STF ARE 1565284 AgR
CIVILDireito civil. Agravo regimental no recurso extraordinário com agravo. Ausência de impugnação específica dos fundamentos da decisão agravada. Inadmissibilidade. Multa. Agravo regimental não provido.
I. Caso em exame
1. Agravo regimental interposto contra decisão monocrática que negou seguimento a recurso extraordinário, em razão da incidência de óbice sumular, da necessidade de exame de matéria infraconstitucional e do não cabimento do recurso pela alínea "c" do art. 102, III, da Constituição Federal.

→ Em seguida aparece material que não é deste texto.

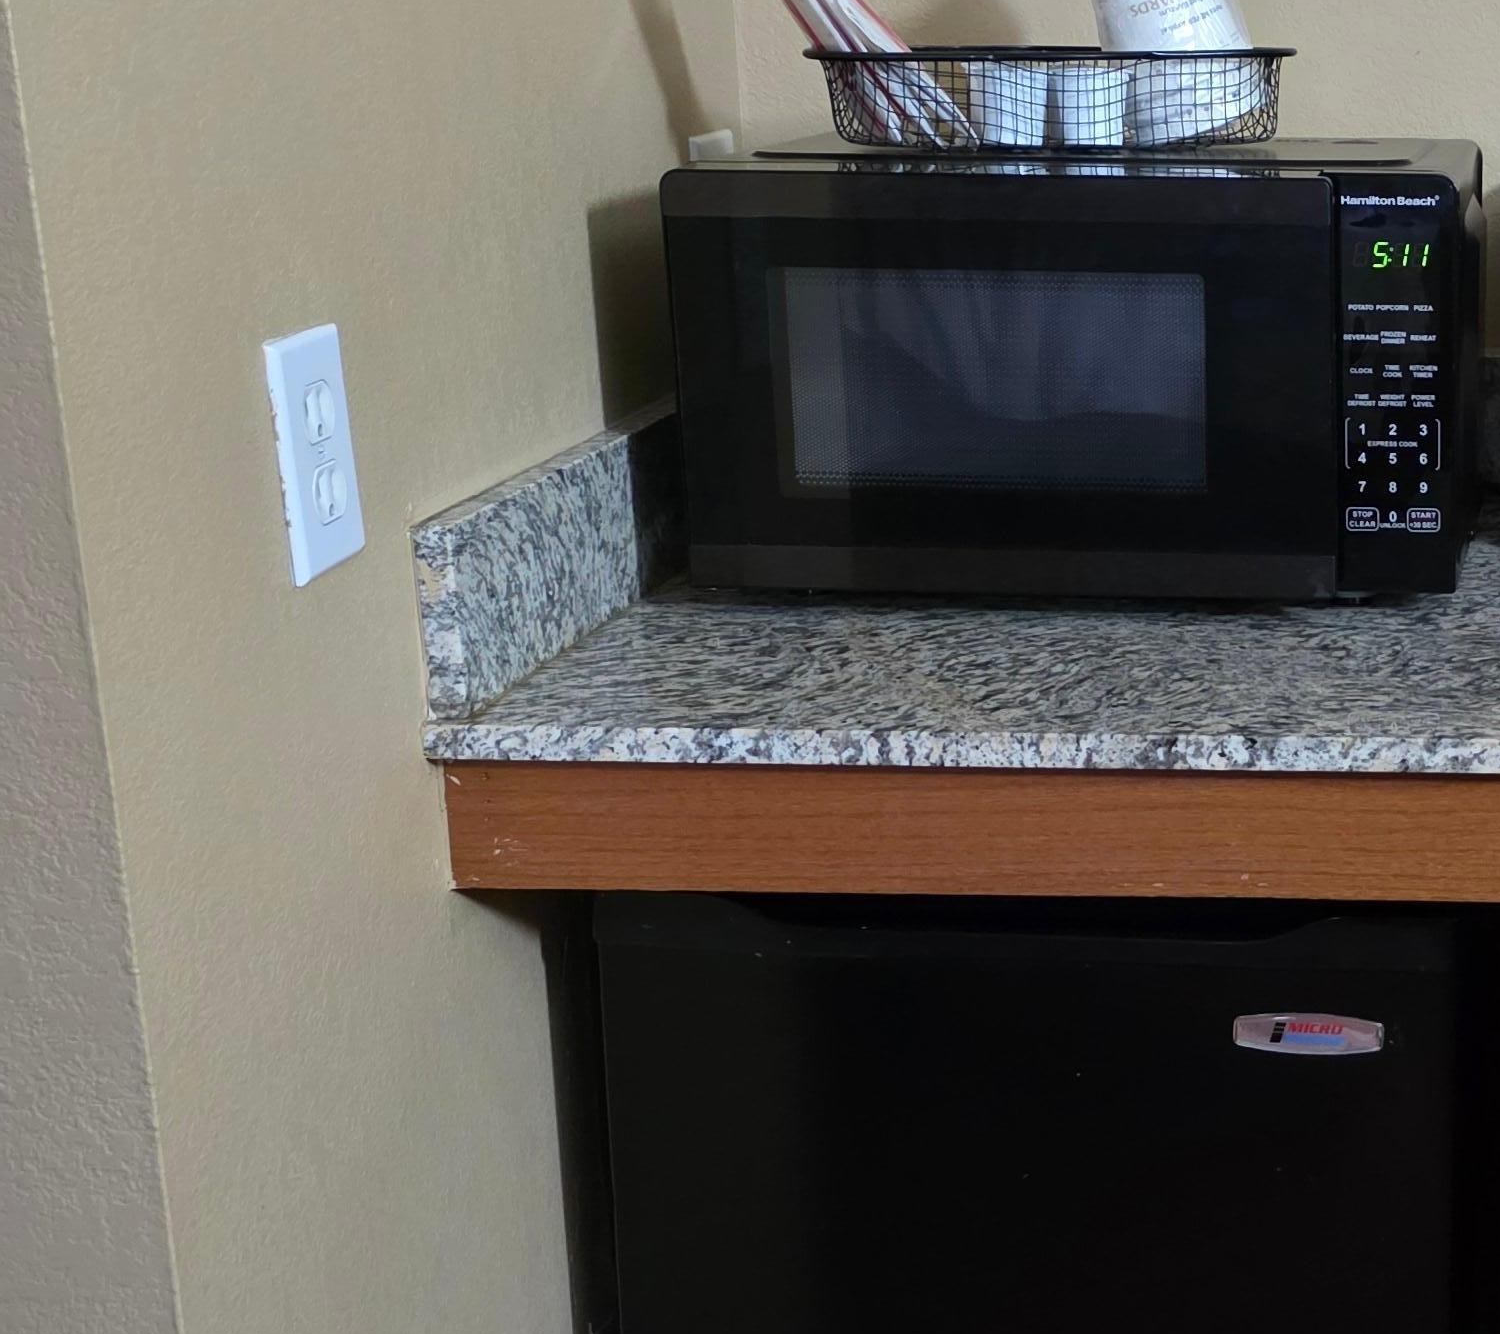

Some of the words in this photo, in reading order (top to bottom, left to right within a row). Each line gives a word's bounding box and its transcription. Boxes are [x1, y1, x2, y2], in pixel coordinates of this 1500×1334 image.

[1340, 195, 1396, 207] Hamilton
[1373, 241, 1430, 268] 5:11
[1358, 423, 1366, 436] 1
[1388, 423, 1397, 436] 2
[1419, 424, 1428, 436] 3
[1357, 452, 1367, 464] 4
[1388, 452, 1397, 465] 5
[1419, 453, 1428, 465] 6
[1357, 480, 1367, 493] 7
[1388, 481, 1397, 493] 8
[1419, 482, 1428, 494] 9
[1352, 510, 1374, 518] STOP
[1388, 510, 1397, 523] 0
[1411, 511, 1437, 519] START
[1349, 520, 1376, 528] CLEAR

2. A parte recorrente buscou a reforma da decisão agravada, sem, contudo, refutar especificamente todos os fundamentos que levaram à negativa de seguimento do recurso extraordinário.

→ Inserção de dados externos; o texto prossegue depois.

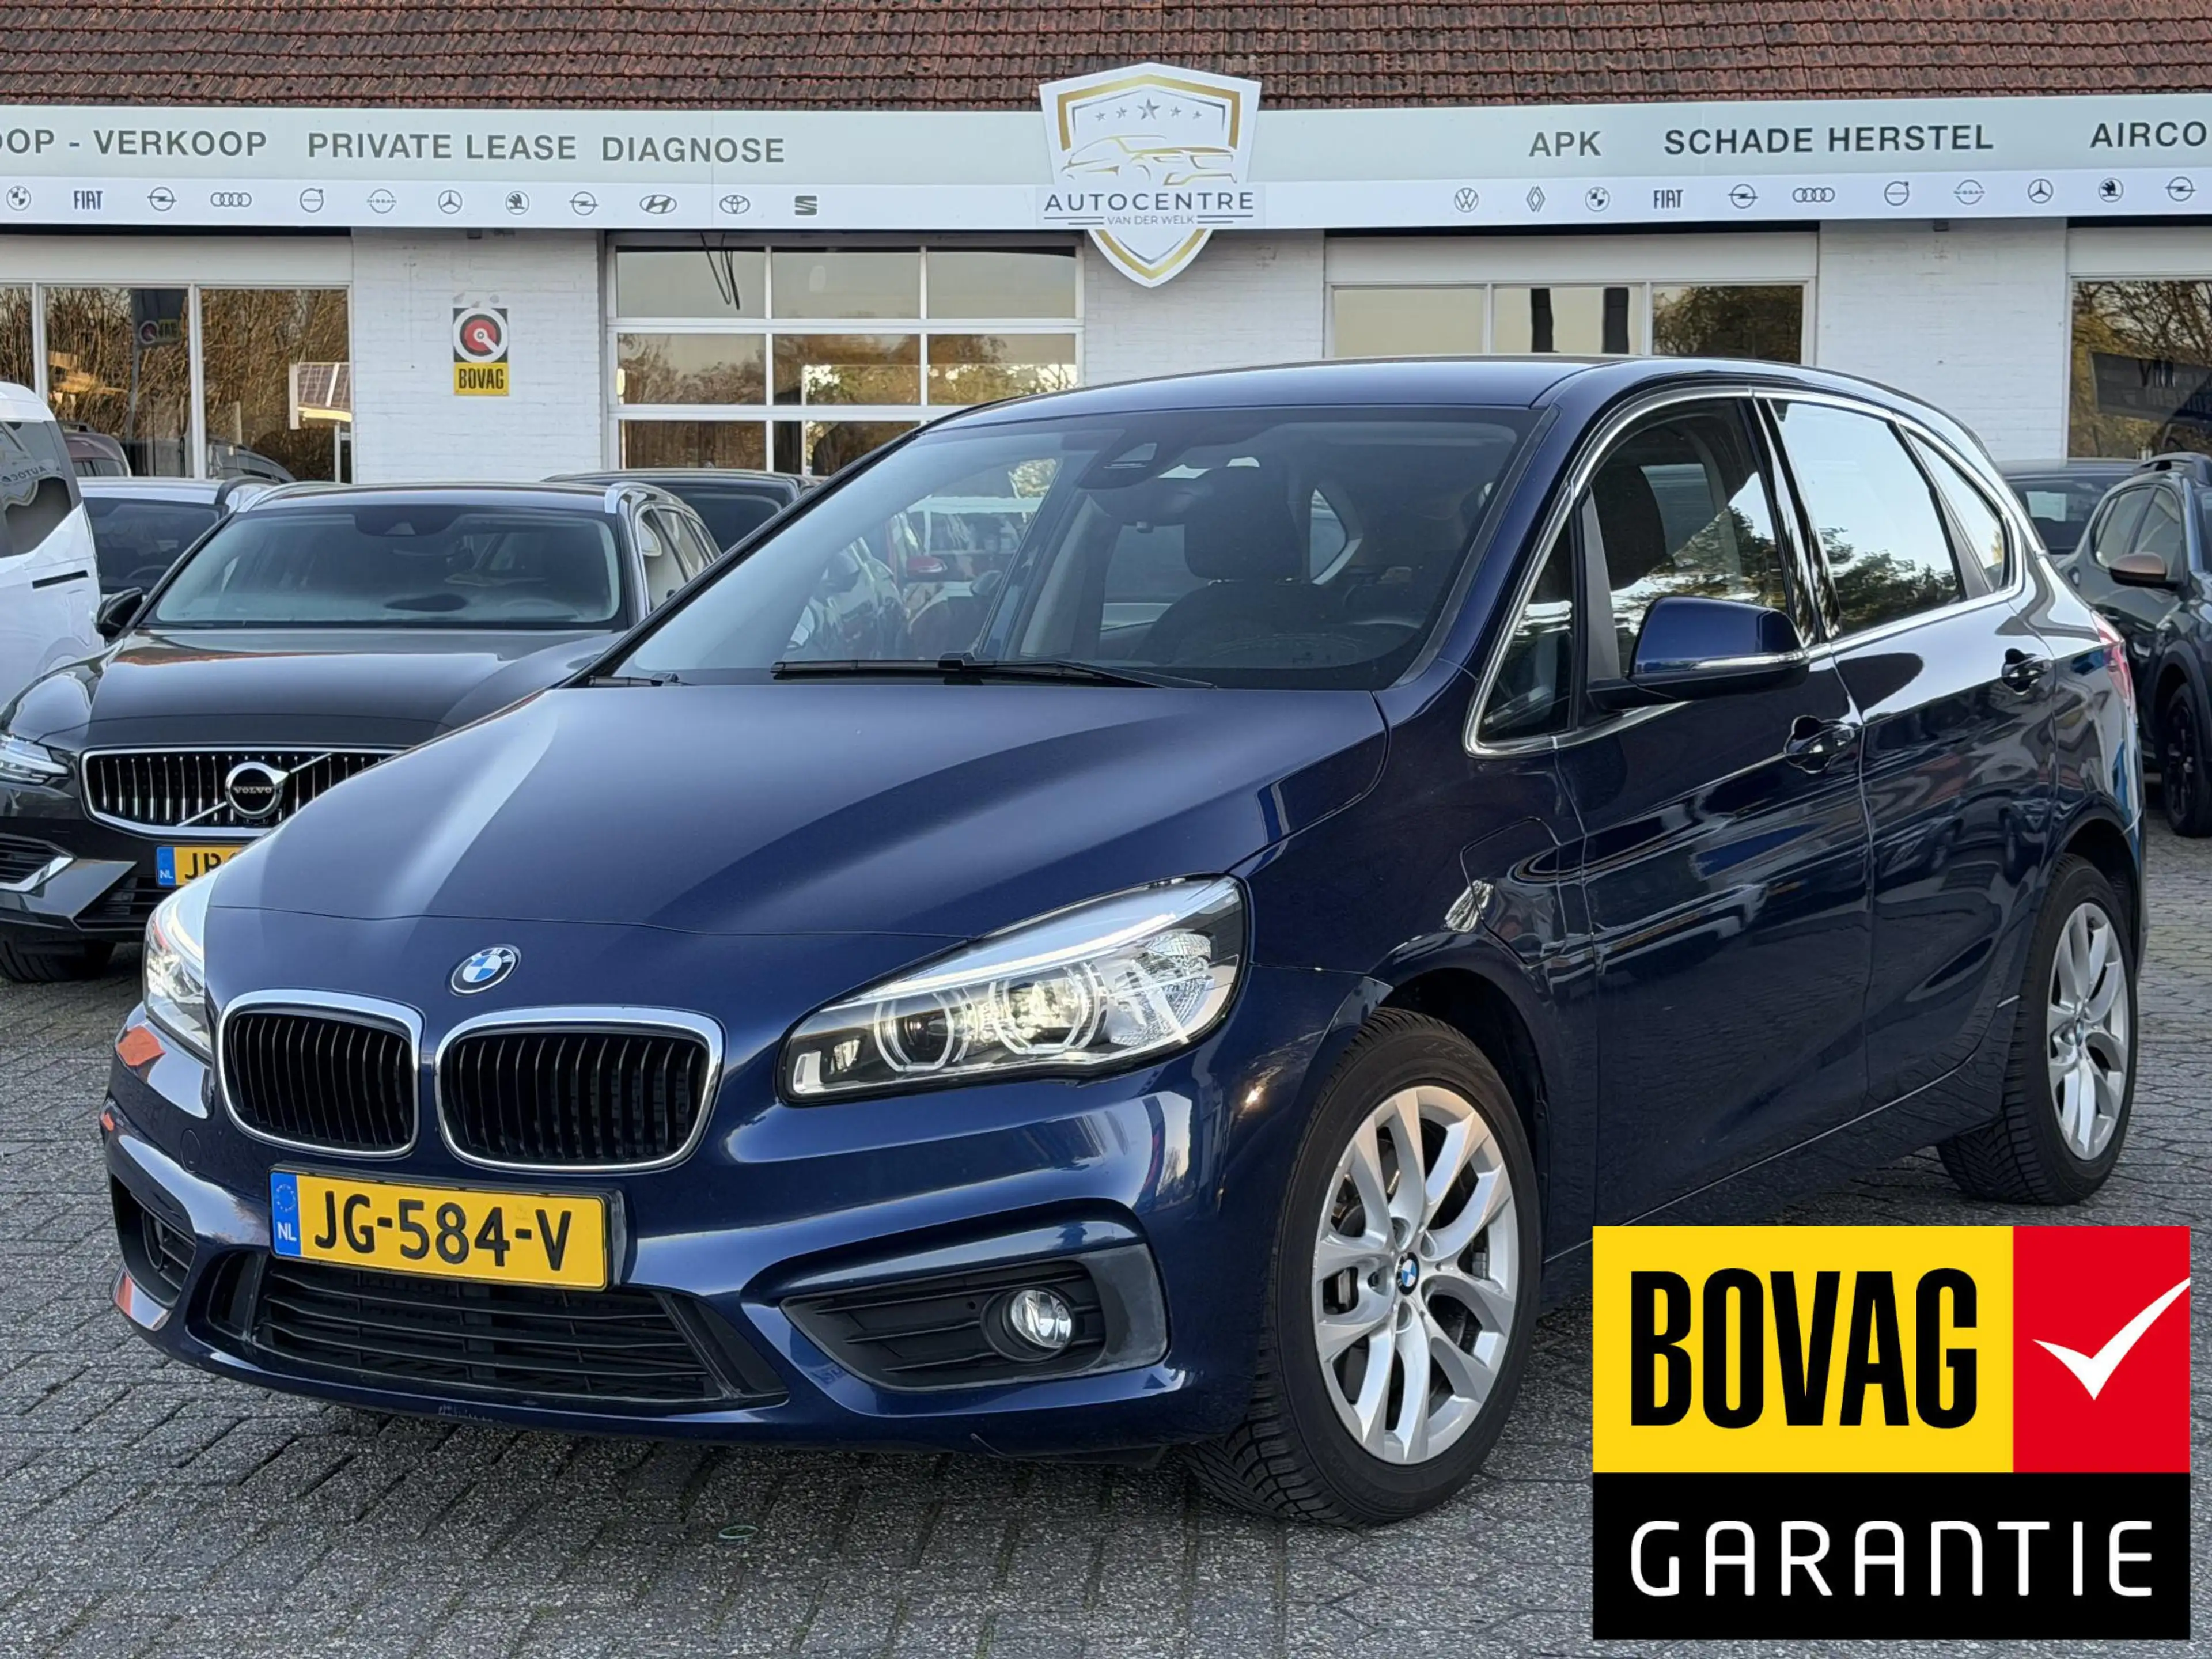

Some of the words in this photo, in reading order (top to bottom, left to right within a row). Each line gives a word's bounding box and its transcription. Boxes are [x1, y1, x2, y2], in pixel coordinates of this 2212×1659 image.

[0, 129, 54, 154] OP
[93, 130, 266, 156] VERKOOP
[1529, 131, 1601, 157] APK
[1665, 128, 1813, 155] SCHADE
[1829, 125, 1994, 151] HERSTEL
[2090, 122, 2207, 148] AIRCO
[309, 133, 452, 159] PRIVATE
[467, 135, 576, 160] LEASE
[603, 137, 784, 163] DIAGNOSE
[73, 190, 103, 210] FIAT
[1044, 192, 1254, 211] AUTOCENTRE
[1653, 189, 1684, 209] FIAT
[1107, 216, 1131, 225] VAN
[1134, 215, 1158, 225] DER
[1161, 215, 1194, 225] WELK
[459, 368, 504, 389] BOVAG
[233, 786, 272, 794] VOLVO
[160, 869, 173, 879] NL
[277, 1221, 297, 1242] NL
[315, 1191, 571, 1271] JG-584-V

3. A decisão monocrática agravada havia negado seguimento ao recurso extraordinário.
II. Questão em discussão
4. A questão em discussão consiste em saber se o agravo regimental atendeu ao ônus da impugnação específica dos fundamentos da decisão agravada, em conformidade com as exigências legais e regimentais.
III. Razões de decidir
5. As razões recursais apresentadas pela agravante são insuficientes para infirmar a conclusão da decisão agravada, pois não refutaram especificamente os fundamentos que ensejaram a negativa de seguimento do recurso extraordinário.
6. O art. 1.021, § 1º, do Código de Processo Civil, e o art. 317, § 1º, do Regimento Interno do Supremo Tribunal Federal, estabelecem o ônus de impugnação específica dos fundamentos da decisão agravada, um requisito de regularidade formal que densifica o Princípio da Cooperação.
7. A recorrente não impugnou o fundamento referente ao não cabimento do recurso extraordinário pela alínea "c" do art. 102, III, da Constituição Federal.
8. A jurisprudência do Supremo Tribunal Federal é pacífica no sentido de que a ausência de impugnação específica a todos os fundamentos aptos, por si sós, para sustentar a decisão agravada, implica o não conhecimento ou o desprovimento do agravo regimental.
IV. Dispositivo e tese
9. Agravo regimental não provido, com aplicação de multa de 1% (um por cento) sobre o valor da causa à parte agravante, nos termos do art. 1.021, § 4º, do Código de Processo Civil.